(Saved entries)
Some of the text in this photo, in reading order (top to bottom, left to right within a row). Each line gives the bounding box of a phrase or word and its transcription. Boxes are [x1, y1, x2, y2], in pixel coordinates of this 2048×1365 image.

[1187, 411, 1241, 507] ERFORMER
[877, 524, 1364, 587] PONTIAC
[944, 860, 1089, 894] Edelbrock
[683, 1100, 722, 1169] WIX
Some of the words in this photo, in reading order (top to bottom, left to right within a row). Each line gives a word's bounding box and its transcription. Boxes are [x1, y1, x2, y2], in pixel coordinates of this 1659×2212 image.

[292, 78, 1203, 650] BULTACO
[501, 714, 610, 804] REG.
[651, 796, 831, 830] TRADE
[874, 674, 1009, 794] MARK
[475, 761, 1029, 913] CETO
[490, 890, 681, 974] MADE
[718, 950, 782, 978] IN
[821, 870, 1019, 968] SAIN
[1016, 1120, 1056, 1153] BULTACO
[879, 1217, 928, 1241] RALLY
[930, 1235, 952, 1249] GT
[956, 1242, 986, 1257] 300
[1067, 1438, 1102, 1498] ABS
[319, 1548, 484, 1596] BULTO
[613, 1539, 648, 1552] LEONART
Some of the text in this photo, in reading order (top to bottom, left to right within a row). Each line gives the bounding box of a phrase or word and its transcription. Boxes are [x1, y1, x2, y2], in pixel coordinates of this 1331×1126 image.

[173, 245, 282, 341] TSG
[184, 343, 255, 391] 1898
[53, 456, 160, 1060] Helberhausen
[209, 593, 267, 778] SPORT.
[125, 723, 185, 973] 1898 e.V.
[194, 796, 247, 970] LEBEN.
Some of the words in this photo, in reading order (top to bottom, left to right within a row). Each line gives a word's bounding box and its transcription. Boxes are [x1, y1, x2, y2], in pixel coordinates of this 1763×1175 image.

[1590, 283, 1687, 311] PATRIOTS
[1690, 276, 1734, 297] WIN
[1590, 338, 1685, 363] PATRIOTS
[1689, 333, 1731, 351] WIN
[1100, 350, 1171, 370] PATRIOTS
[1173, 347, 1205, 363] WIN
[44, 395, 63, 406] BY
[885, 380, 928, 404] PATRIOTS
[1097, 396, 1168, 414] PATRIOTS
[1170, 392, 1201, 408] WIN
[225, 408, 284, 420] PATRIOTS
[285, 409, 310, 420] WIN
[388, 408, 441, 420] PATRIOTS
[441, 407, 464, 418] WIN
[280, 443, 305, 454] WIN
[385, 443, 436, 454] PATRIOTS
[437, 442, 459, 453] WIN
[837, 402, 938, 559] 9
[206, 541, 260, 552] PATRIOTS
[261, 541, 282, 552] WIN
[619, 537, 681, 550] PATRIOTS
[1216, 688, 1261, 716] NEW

PROBLEM TO SOLVE:
Retype, without changes, the lines from the line holding "this 1331×1126 image." to the end of the data, both ends included.

OUTPUT:
Some of the text in this photo, in reading order (top to bottom, left to right within a row). Each line gives the bounding box of a phrase or word and its transcription. Boxes are [x1, y1, x2, y2], in pixel coordinates of this 1331×1126 image.

[173, 245, 282, 341] TSG
[184, 343, 255, 391] 1898
[53, 456, 160, 1060] Helberhausen
[209, 593, 267, 778] SPORT.
[125, 723, 185, 973] 1898 e.V.
[194, 796, 247, 970] LEBEN.
Some of the words in this photo, in reading order (top to bottom, left to right within a row). Each line gives a word's bounding box and its transcription. Boxes are [x1, y1, x2, y2], in pixel coordinates of this 1763×1175 image.

[1590, 283, 1687, 311] PATRIOTS
[1690, 276, 1734, 297] WIN
[1590, 338, 1685, 363] PATRIOTS
[1689, 333, 1731, 351] WIN
[1100, 350, 1171, 370] PATRIOTS
[1173, 347, 1205, 363] WIN
[44, 395, 63, 406] BY
[885, 380, 928, 404] PATRIOTS
[1097, 396, 1168, 414] PATRIOTS
[1170, 392, 1201, 408] WIN
[225, 408, 284, 420] PATRIOTS
[285, 409, 310, 420] WIN
[388, 408, 441, 420] PATRIOTS
[441, 407, 464, 418] WIN
[280, 443, 305, 454] WIN
[385, 443, 436, 454] PATRIOTS
[437, 442, 459, 453] WIN
[837, 402, 938, 559] 9
[206, 541, 260, 552] PATRIOTS
[261, 541, 282, 552] WIN
[619, 537, 681, 550] PATRIOTS
[1216, 688, 1261, 716] NEW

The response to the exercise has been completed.